Start of Block

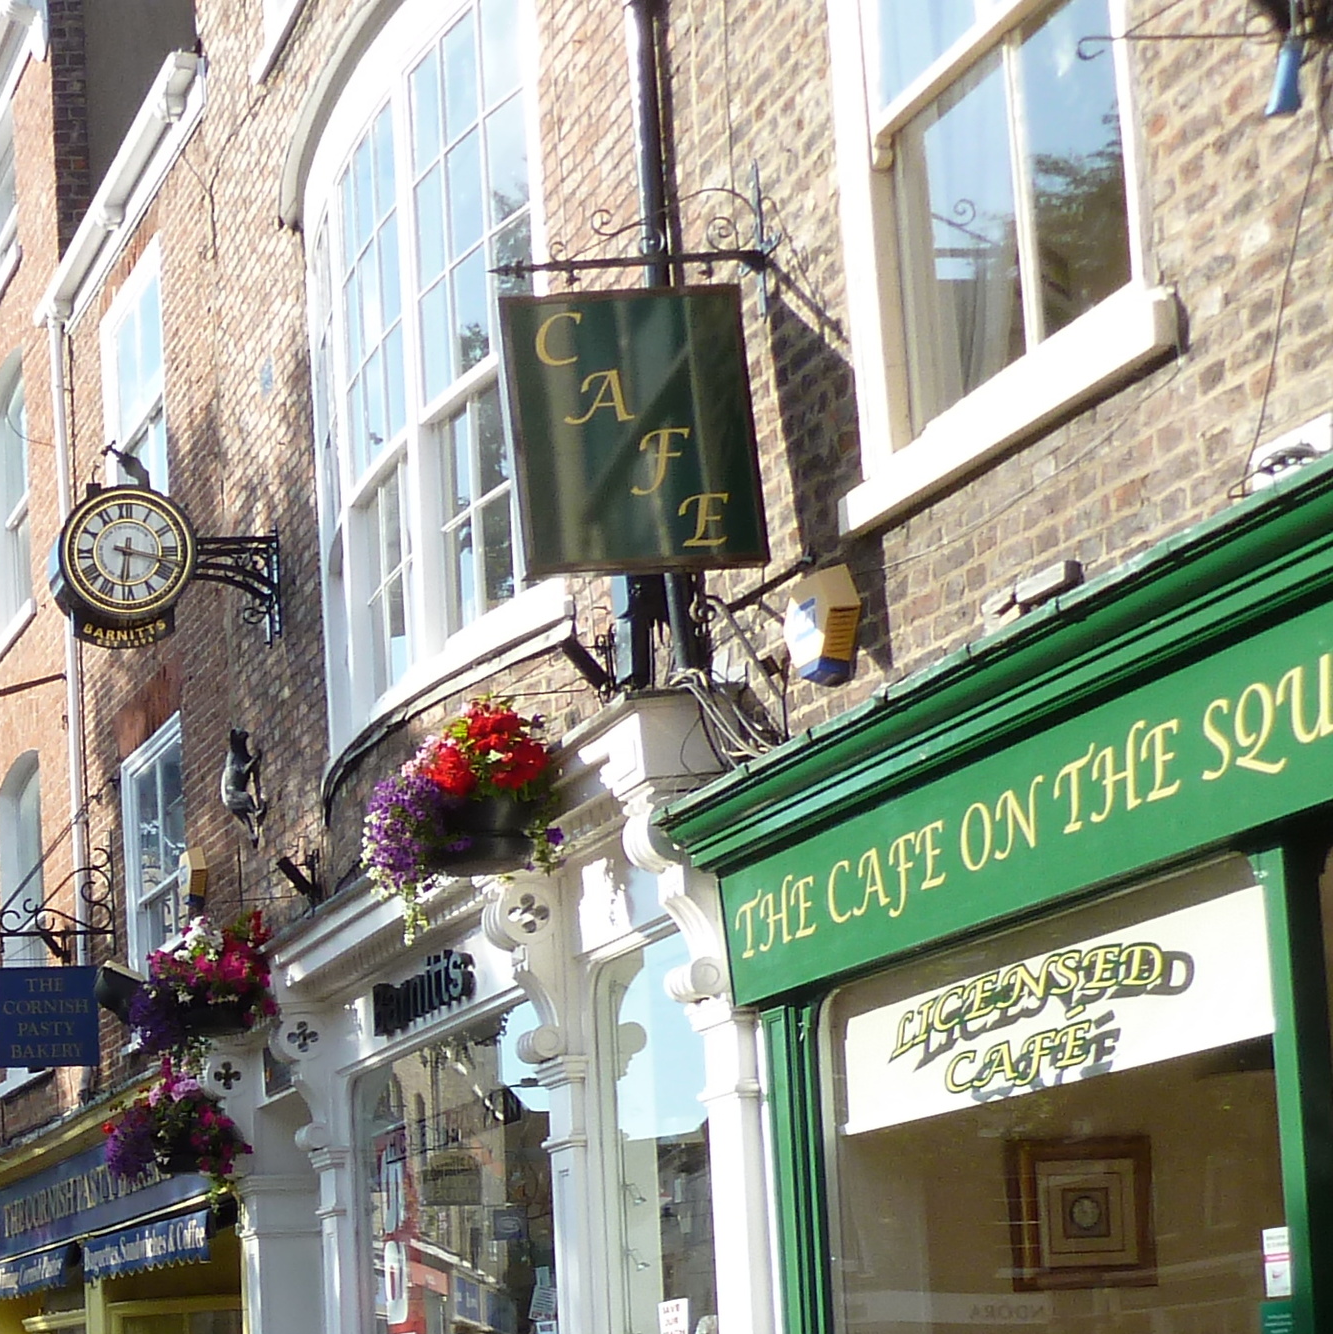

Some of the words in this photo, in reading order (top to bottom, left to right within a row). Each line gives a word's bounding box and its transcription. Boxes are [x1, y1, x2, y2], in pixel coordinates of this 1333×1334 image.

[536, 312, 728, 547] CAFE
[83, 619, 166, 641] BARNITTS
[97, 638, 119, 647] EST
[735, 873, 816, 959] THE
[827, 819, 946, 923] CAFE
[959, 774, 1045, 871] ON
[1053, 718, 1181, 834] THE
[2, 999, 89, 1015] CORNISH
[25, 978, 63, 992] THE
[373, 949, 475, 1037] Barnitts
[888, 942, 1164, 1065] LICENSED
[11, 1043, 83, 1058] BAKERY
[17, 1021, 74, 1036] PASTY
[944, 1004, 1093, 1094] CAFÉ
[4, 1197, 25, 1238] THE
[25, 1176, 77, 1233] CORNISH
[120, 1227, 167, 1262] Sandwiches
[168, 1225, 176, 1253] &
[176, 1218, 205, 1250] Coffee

End of Block

EXERCISE INSTRUCTIONS
Could you transcribe the material above exactly, keeping every picture out?

SOLUTION
Some of the words in this photo, in reading order (top to bottom, left to right within a row). Each line gives a word's bounding box and its transcription. Boxes are [x1, y1, x2, y2], in pixel coordinates of this 1333×1334 image.

[536, 312, 728, 547] CAFE
[83, 619, 166, 641] BARNITTS
[97, 638, 119, 647] EST
[735, 873, 816, 959] THE
[827, 819, 946, 923] CAFE
[959, 774, 1045, 871] ON
[1053, 718, 1181, 834] THE
[2, 999, 89, 1015] CORNISH
[25, 978, 63, 992] THE
[373, 949, 475, 1037] Barnitts
[888, 942, 1164, 1065] LICENSED
[11, 1043, 83, 1058] BAKERY
[17, 1021, 74, 1036] PASTY
[944, 1004, 1093, 1094] CAFÉ
[4, 1197, 25, 1238] THE
[25, 1176, 77, 1233] CORNISH
[120, 1227, 167, 1262] Sandwiches
[168, 1225, 176, 1253] &
[176, 1218, 205, 1250] Coffee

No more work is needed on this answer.